TOMÁS ABRAHAM, FILÓSOFO DE NOVELA
El filósofo y ensayista Tomás
Abraham debuta como novelista con La dificultad, un voluminoso relato cuya
salida demoró para no disgustar a su padre. Dice que se borró de la política,
que las facultades de filosofía son deprimentes y que dar clases debe ser una
fiesta. Prefiere escribir en Facebook. La nota original, en La Voz del Interior.
En general, siempre escribí
ensayos sobre filosofía, política y literatura, que son mis tres ámbitos. Y en
2011, en una especie de diario que llevo encima, anoté ‘29 de enero de 2011. La
caverna. Novela’. Ese año estaba vacío.
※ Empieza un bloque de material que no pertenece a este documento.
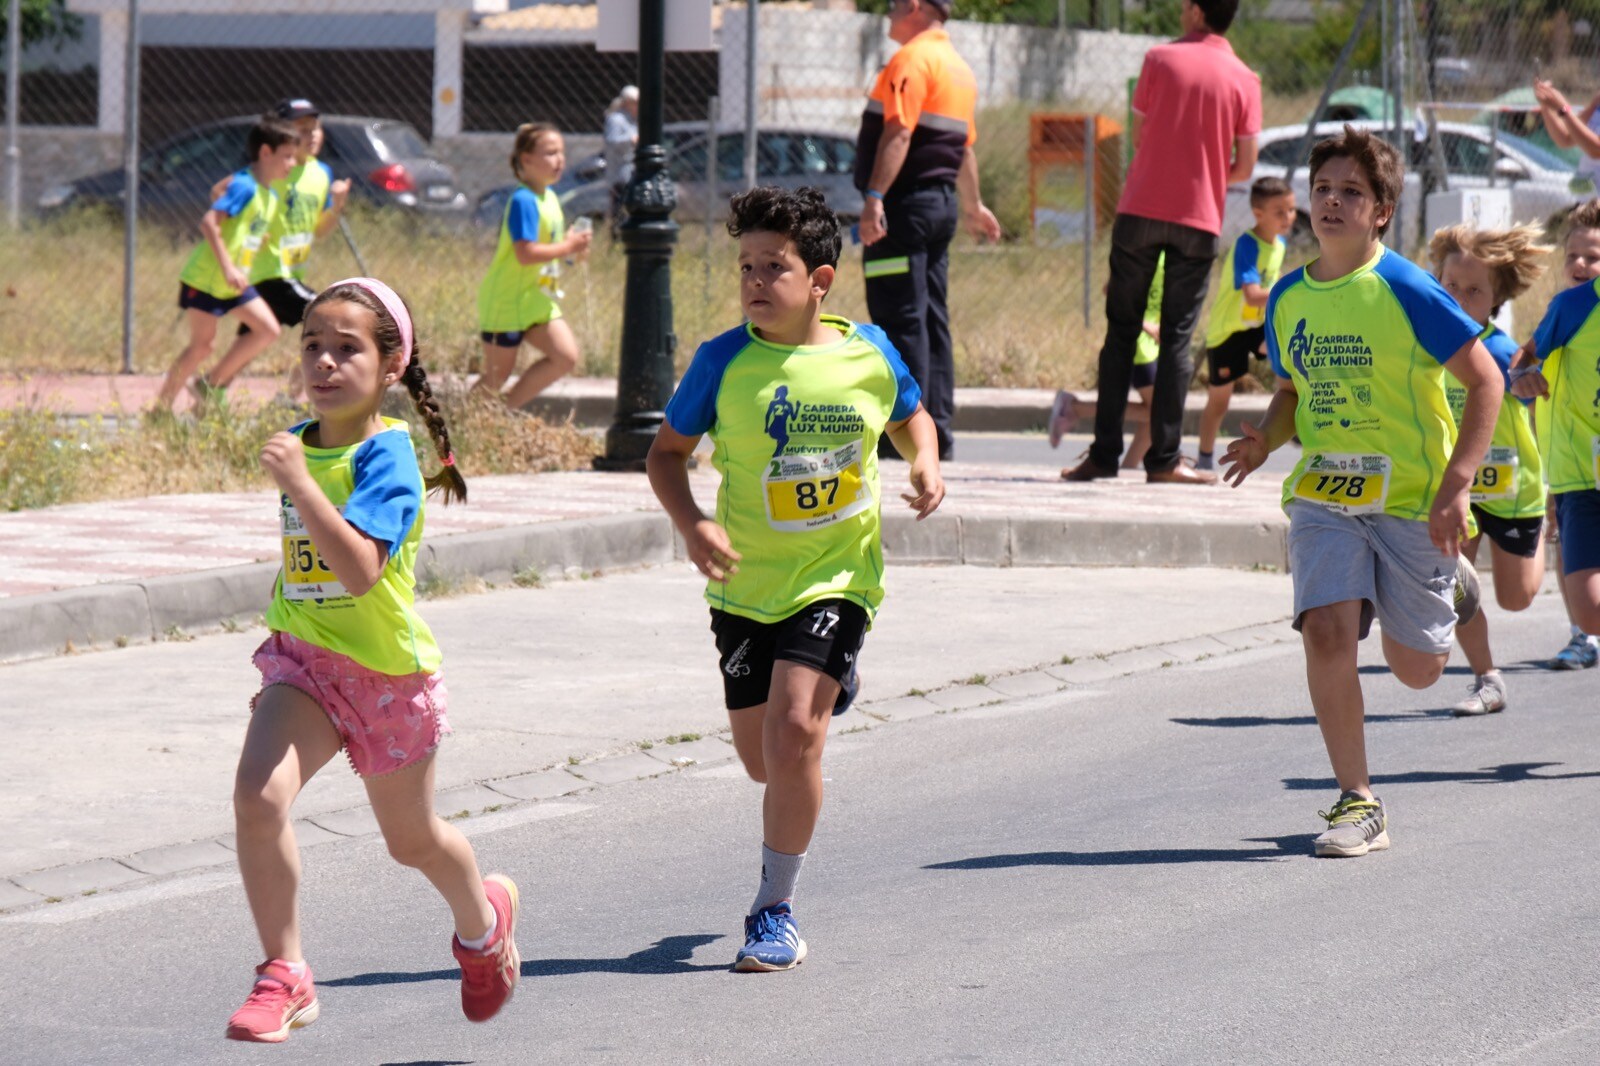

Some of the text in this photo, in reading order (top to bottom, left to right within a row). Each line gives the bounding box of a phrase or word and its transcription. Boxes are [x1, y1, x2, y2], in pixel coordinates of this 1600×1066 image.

Cansado de la política y de la
filosofía, me quedaba la novela. Ahí surgió este libro que se terminó llamando
La dificultad”. Así comienza el diálogo con el filósofo y escritor Tomás
Abraham. Estamos en su estudio del barrio porteño de Palermo, un enorme y
luminoso loft colmado de libros, fotos y pósters. Entre otras imágenes, se
destaca la de un viejo equipo de Vélez, el club de sus amores. Es un apasionado
del fútbol. De hecho, la charla comienza por esa temática, continuará con su
nueva novela y terminará, dos horas después, de nuevo con la pelota. Está
sonriente porque siente que La dificultad (Sudamericana) es su gran “obra”. Las
críticas que le llegaron fueron buenas y lo incentivan muchísimo, cuenta.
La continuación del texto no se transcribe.